Bez’s arrival during the encore, mimicking the conductor’s motions in the process, provided a perfect ending to the nostalgic party. And despite being two of the youngest members of the audience, this Classical event was thoroughly enjoyable, thanks to the efforts of Park, Pickering, the Camerta Orchestra and of course, the comedian dancer that is Bez.
Following the short walk across town via Wetherspoons and other local pubs, the older crowd began to filter into everyone’s new favourite clubbing venue, Church. The night was wetalso organised by Soak Events, and Church’s impressive décor, fittings and sound system is good enough to rival the celebrated Haçienda club. Unlike the dance anthems played at the Classical event, music at the after party was much more contemporary consisting of the very best in house and techno. The sets of Chicago legend, Derrick Carter, and Haçienda regular, Françoir K were particularly special as these two DJs flaunted their obvious mixing experience, even chucking in a 90s house classic here and there.

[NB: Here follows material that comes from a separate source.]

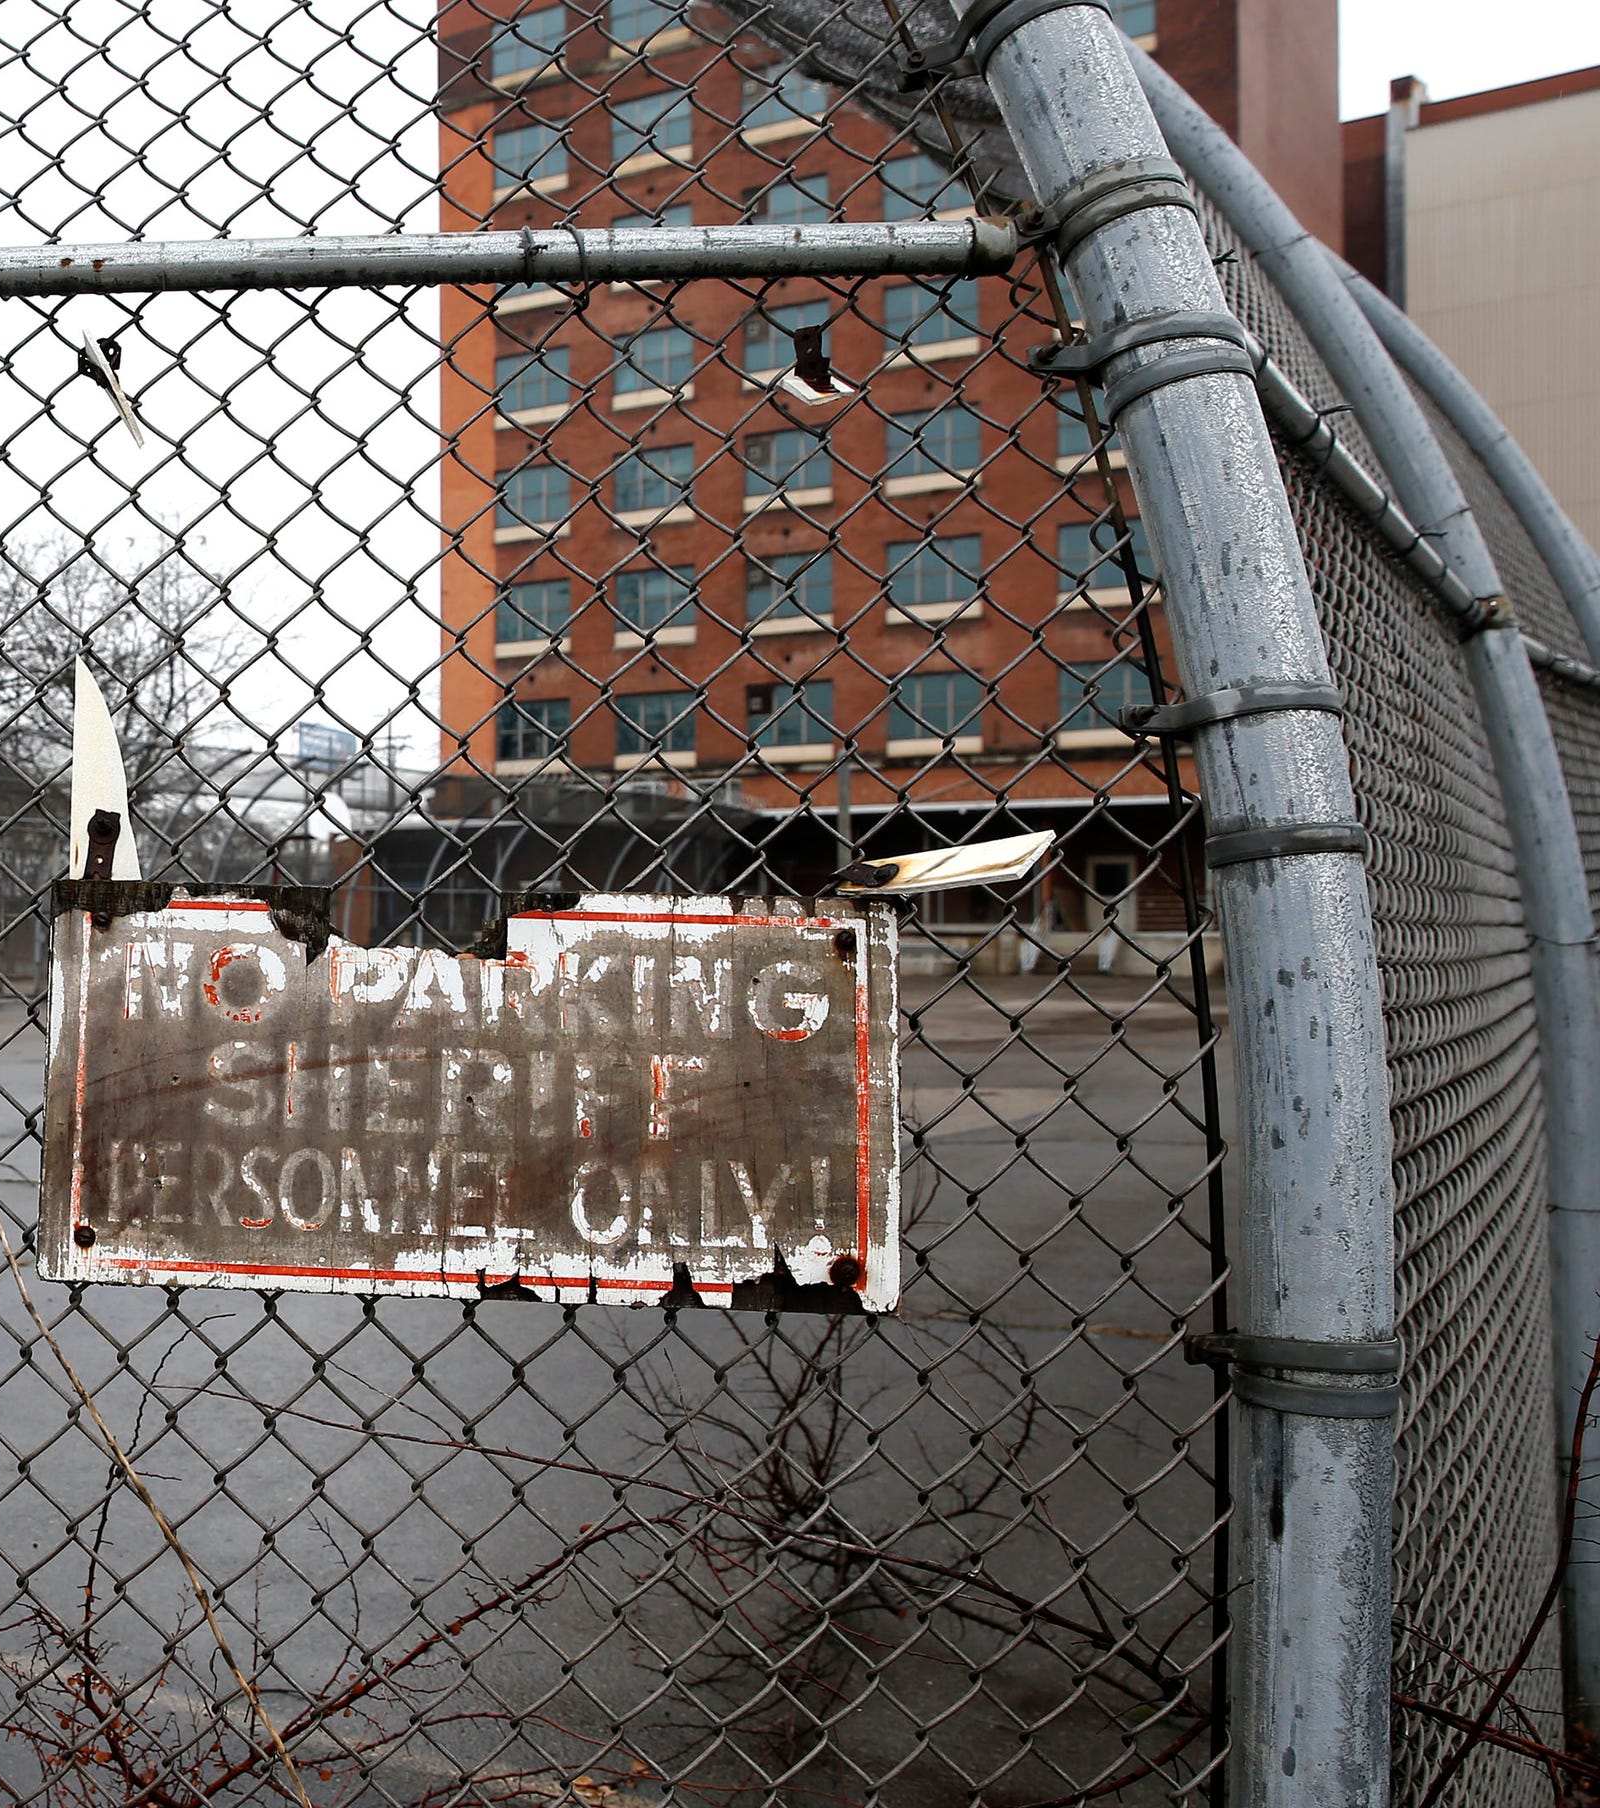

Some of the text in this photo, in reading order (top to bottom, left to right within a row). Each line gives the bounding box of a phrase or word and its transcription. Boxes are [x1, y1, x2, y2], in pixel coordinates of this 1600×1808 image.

[123, 941, 830, 1042] NO PARKING
[570, 1154, 833, 1256] ONLY!

While the after party supplied a brief reminder of what modern day raving is all about, the Classical event was the true highlight of the night and FAC51 delivered a perfect tribute to one of Britain’s most respected record labels and best music establishments.
There is also still chance to see Haçienda Classical; as Graeme Park and Mike Pickering will return to London’s Royal Albert Hall this upcoming May, and the party also pays visits to Manchester, Brighton, Lytham St Annes and even Glastonbury. See you there.